The decline in the frequency of open repairs, however, carries important ramifications for the education and skill retention of vascular surgeons. Numerous studies have established a link between surgeon volume of open aortic surgery and improved patient outcomes.24–27 Geiger et al, in a recent analysis, identified that performing a minimum of seven open aortic procedures annually was a standalone predictor of better outcomes following OAR.27 Our study demonstrated a significant decline in open procedures over the past two decades. This evolving landscape of AAA management presents a distinctive challenge to vascular surgeons and surgical units across Australia. It necessitates the formulation of strategic approaches to preserve and hone the essential skills required for open aortic operations, a critical competency within the vascular surgeon’s repertoire. This shift underscores the need for innovative training and practice models to ensure the continued proficiency in these fundamental surgical techniques amidst the rising predominance of endovascular procedures.

Strengths and Limitations

The main strength of this study is the large sample size and the study time span of the 21 years. This allowed for a national population analysis of AAA repairs as well as associated patient demographics such as age and sex. As such, this is the largest and most comprehensive analysis of AAA repairs over the last two decades in Australia in the public sector.

One limitation of the study though was that the AIHW data only capture the procedural and demographic information. Details of perioperative outcomes such as complications, need for reintervention or death, were not available for analysis. Another limitation of this study was that while the Medical Benefits Schedule (MBS) codes distinctly categorised ruptured and non-ruptured OARs, such distinction was not applied to EVARs. As a result, our analysis could not compare the trends in ruptured and non-ruptured AAA repairs.

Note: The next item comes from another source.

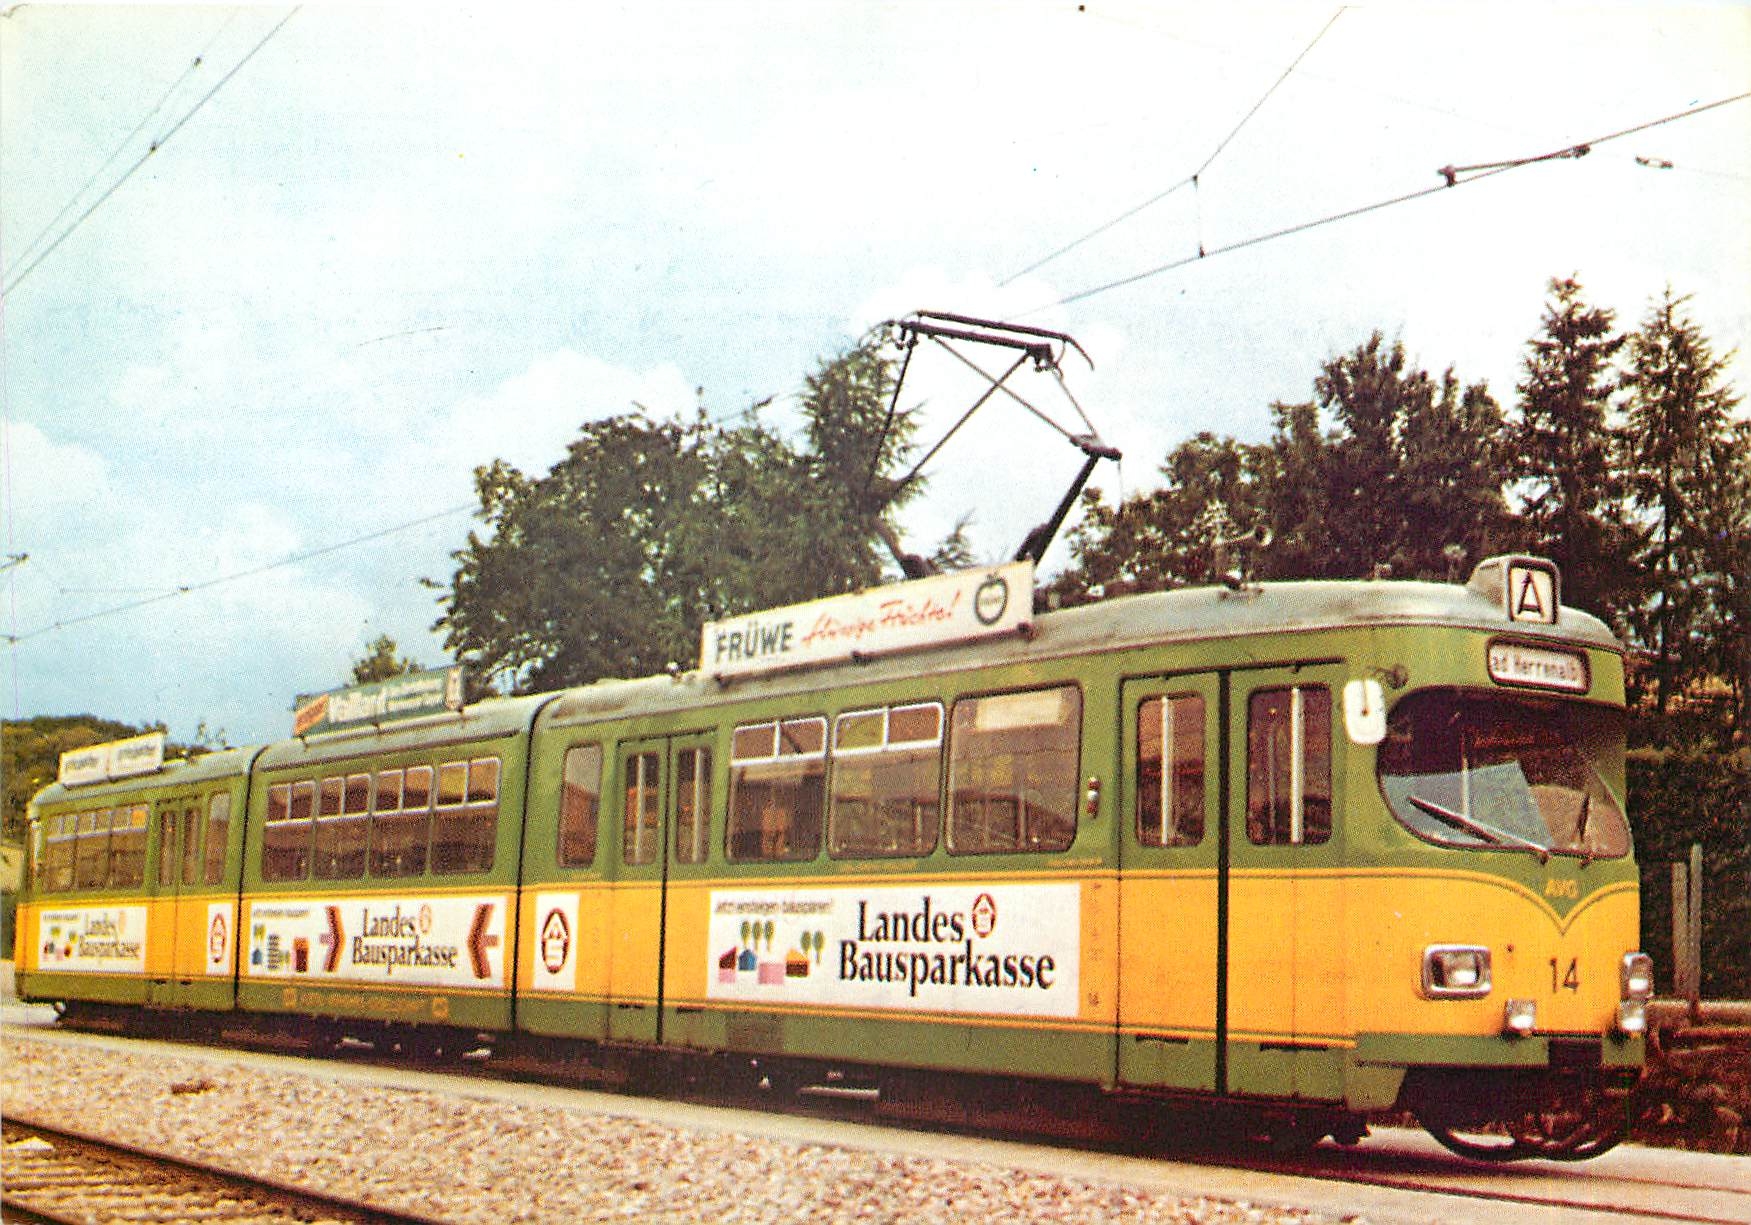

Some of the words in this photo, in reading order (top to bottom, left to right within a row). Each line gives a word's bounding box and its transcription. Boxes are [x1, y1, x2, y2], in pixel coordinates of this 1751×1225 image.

Another limitation of the use of AIHW data is potential inaccuracies in coding. While AIHW conducts regular quality checks to minimise these errors, inaccuracies can occur due to human error and as such cannot be completely eliminated.

Conclusion

Over the past two decades, there has been a notable paradigm shift in the management of AAAs in Australia. EVAR has progressively superseded OAR as the preferred treatment method for AAAs, a shift that Australia witnessed relatively earlier than many other nations. This transition towards EVAR, in preference over OAR, has been observed consistently in both males and females and across all age groups, with a particularly marked increase among octogenarians. Given these developments, it becomes essential to conduct further research into the medium- and long-term outcomes of EVAR, especially those performed with new technological advancements over the past 20 years. Such investigations are crucial to ascertain the continued viability and effectiveness of this trend in AAA treatment.

Disclosure

The authors report no conflicts of interest in this work.